Thank you so much. All the relationship videos say ignore him to attract him. So I feel terrible until he chases me again. Then rinse and repeat. Getting tired....
ignore him to heal yourself, so that you can get to a place where if he is attracted then you can make a wise decision based on your actual needs.
and if the ex has bpd you may well find yourself accused of stalking
outofthegoldfishbowl etcetera hey this just happened to me.
Barry Tucceri yes this is AVOIDANT ABUSE do look it up on google! avoidant abusers make false accusations of stalking in order to gaslight shame and smear their target!
They do love to project stalking onto us ..don't they? Why I believe it's privelent in their traits right. Plus, they love cat and mouse...they love to torment you sense they can't love ..... Its all so you'll fall .."SCORE" all they got.
@@mystijkissler8183 this conversation just made me go ahhh now it makes sense of why my ex is acting like this and projecting stalking unto me for others and drama. He is being heavily avoidant abuse i thought I was crazy but I see it happens to others too
@@awolfadventureawildconnect5311 Yes, it's a consistent behavioral trait of BPD's within the diagnostic info, transference or projection, they lay claim that the "object other" stalks them when they know it's them that are driven to Stalk past relations. Such machinations by the BPD partner are afraid of being abandoned that they usually cause abandonment of you first that leaves their partner feeling totally crazy from lack of understanding and closure.

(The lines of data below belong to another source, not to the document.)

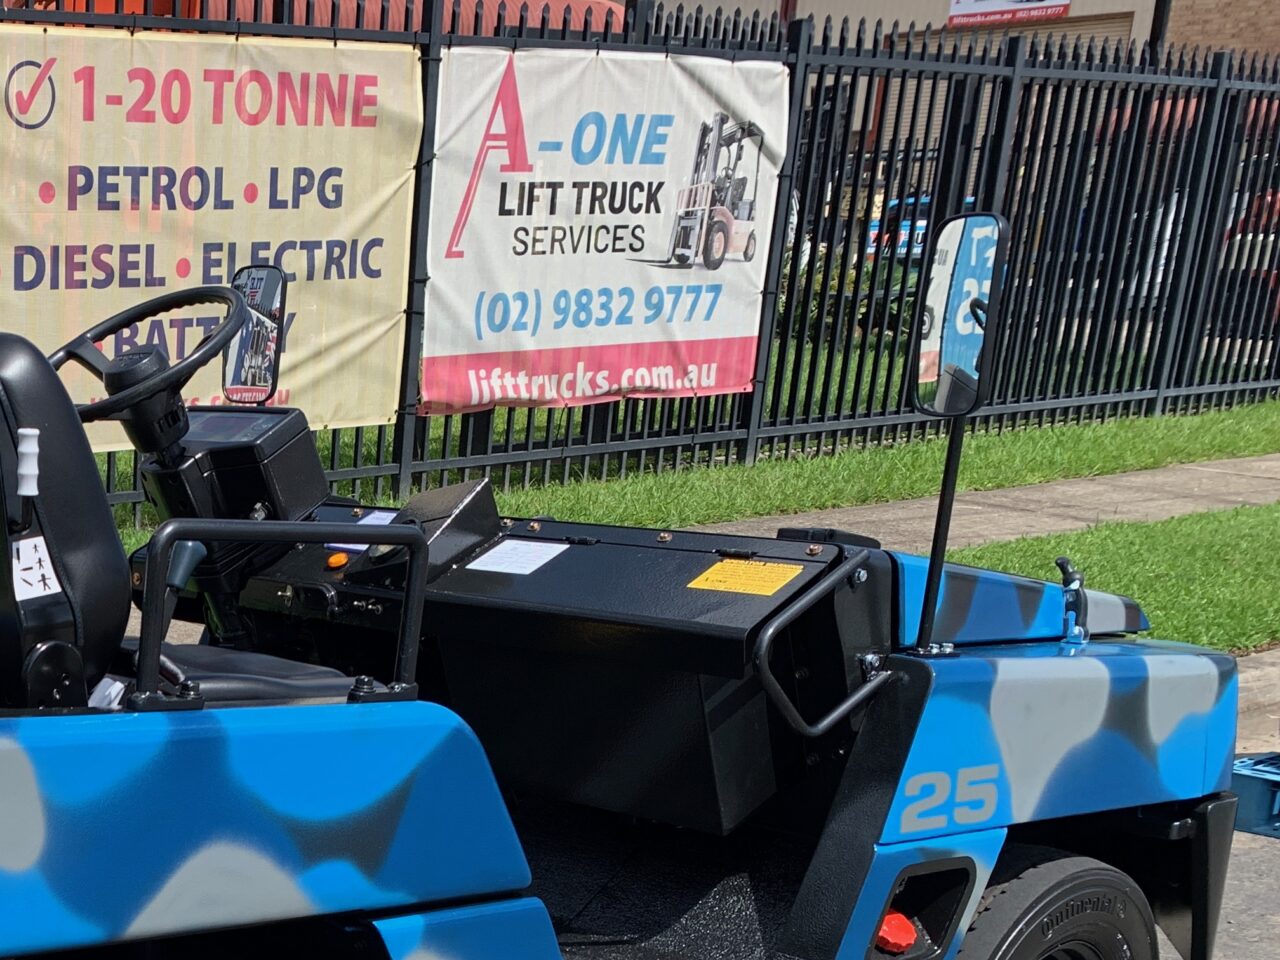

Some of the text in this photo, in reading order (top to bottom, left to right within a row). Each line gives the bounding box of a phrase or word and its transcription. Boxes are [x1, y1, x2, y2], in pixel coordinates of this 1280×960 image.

[73, 64, 379, 128] 1-20 TONNE
[67, 165, 345, 211] PETROL LPG
[498, 181, 665, 217] LIFT TRUCK
[512, 224, 646, 257] SERVICES
[13, 243, 166, 291] DIESEL
[114, 312, 297, 361] BATTY
[474, 284, 723, 341] (02) 9832 9777
[467, 360, 718, 406] lifttrucks.com.au
[900, 765, 1000, 834] 25
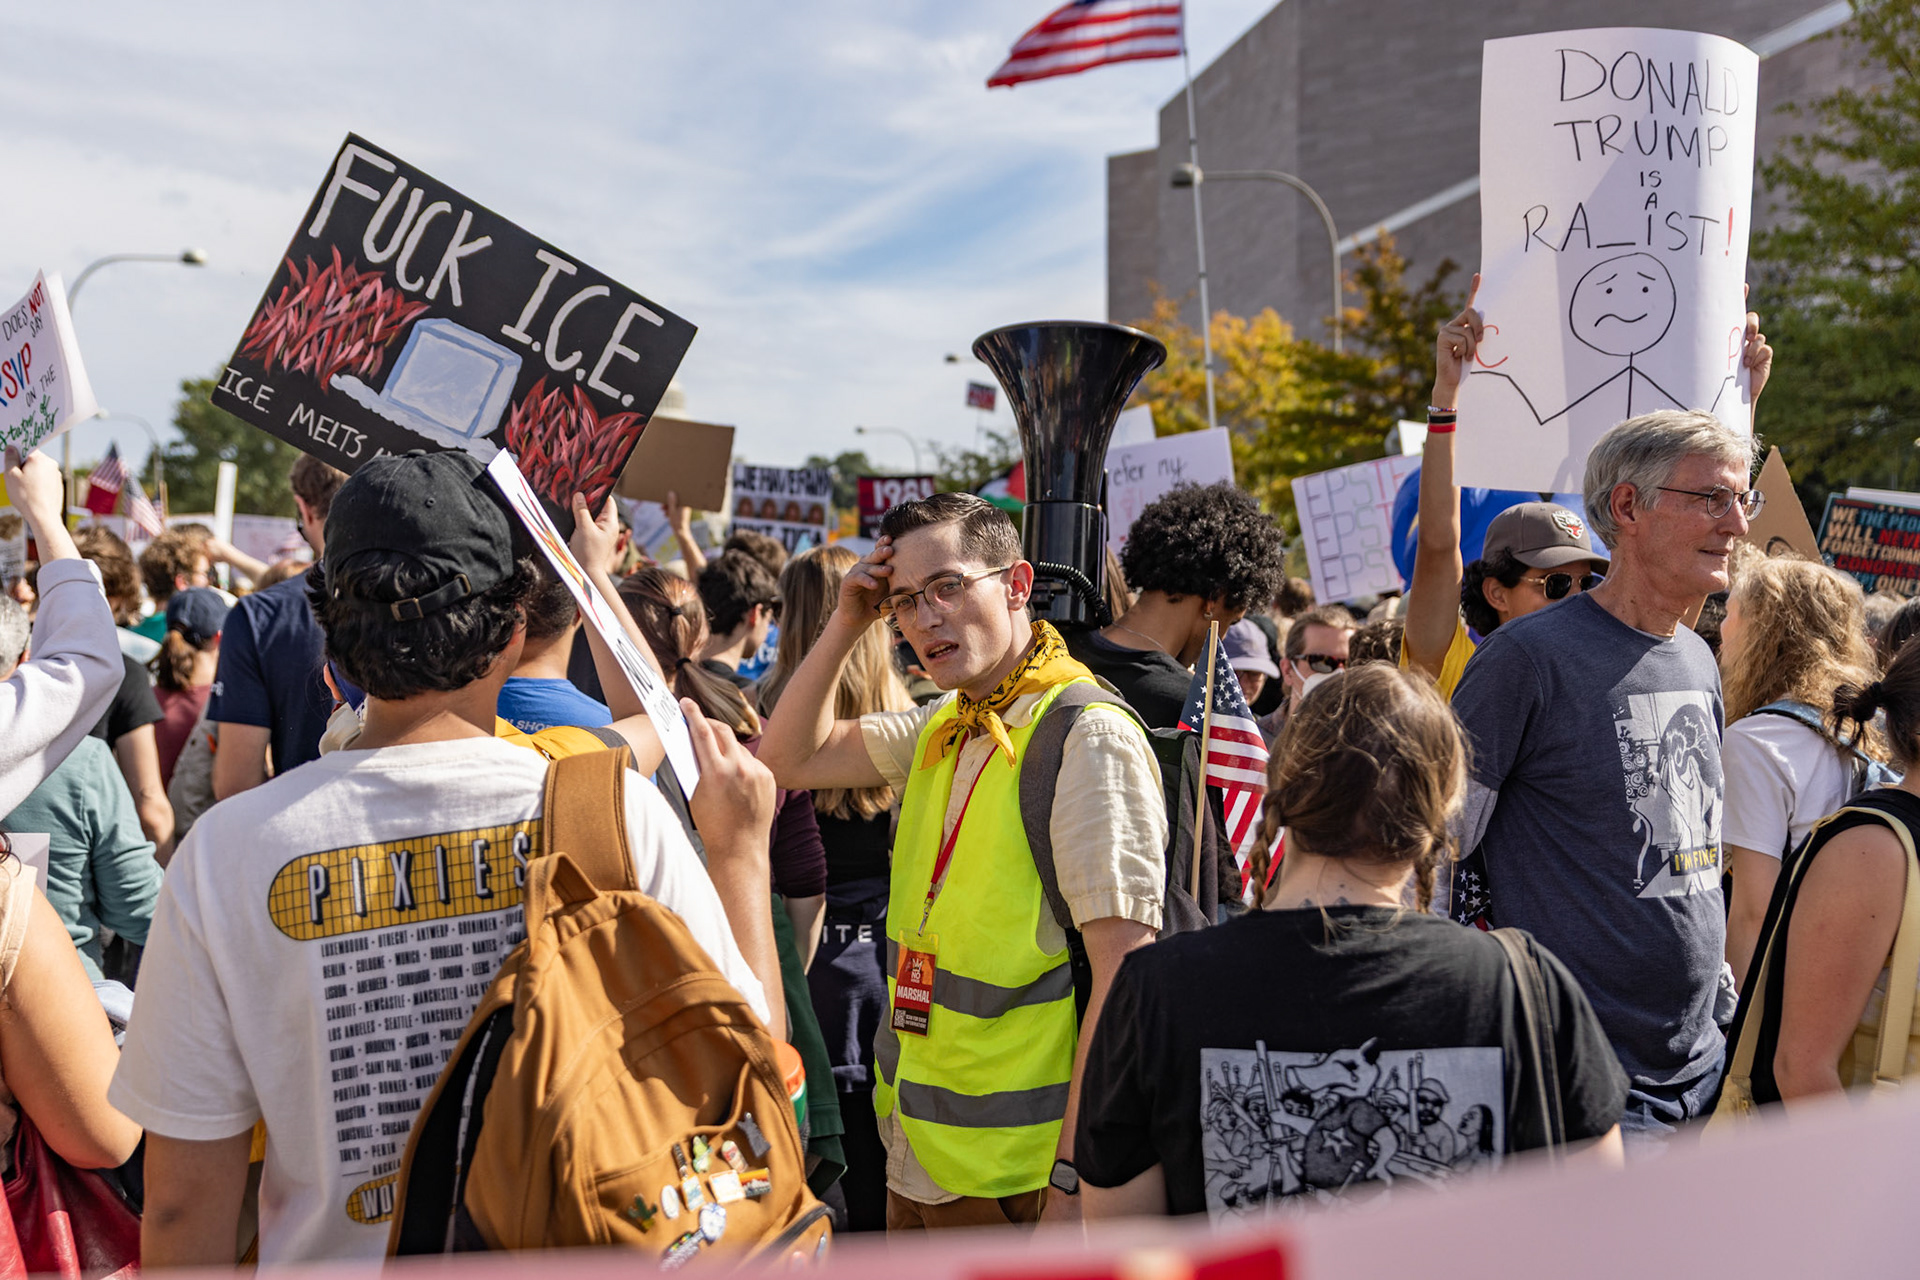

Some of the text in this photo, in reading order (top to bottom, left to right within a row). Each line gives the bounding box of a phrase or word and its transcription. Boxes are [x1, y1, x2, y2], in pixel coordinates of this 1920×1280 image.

[1555, 48, 1740, 116] DONALD
[1553, 113, 1729, 168] TRUMP
[1639, 170, 1663, 188] IS
[1644, 191, 1659, 211] A
[307, 141, 666, 408] FUCK I.C.E.
[2, 280, 46, 342] DOES NOT
[29, 311, 44, 338] SAY
[1728, 326, 1743, 371] P
[25, 363, 57, 408] ON THE
[217, 366, 369, 460] I.C.E. MELTS
[1828, 522, 1873, 542] WILL
[1831, 505, 1920, 533] WE THE PEO
[1821, 537, 1880, 558] FORGET
[1320, 545, 1404, 600] EPS
[307, 831, 531, 926] PIXIES
[1693, 848, 1717, 868] FINE
[896, 984, 930, 1004] MARSHAL

Would love to hear more on self therapy for getting over attachment trauma. Don't feel the need to drive by the ex's house but want to get to the bare bones of healing and becoming the person I want to be. Any additional advice you have to get there would be much appreciated. Thank you.
That's because it's not us that wants to go no contact it's them
Hi 💚 I am in this exact space, but I don't think I have the bounderies to not tell myself that narrative. If you cant really do it then, and that is too painful to Imagine almost, what do you do to try to help your BURNING nervous system? This was the most helpful video so far! Thank you so much! Really so much.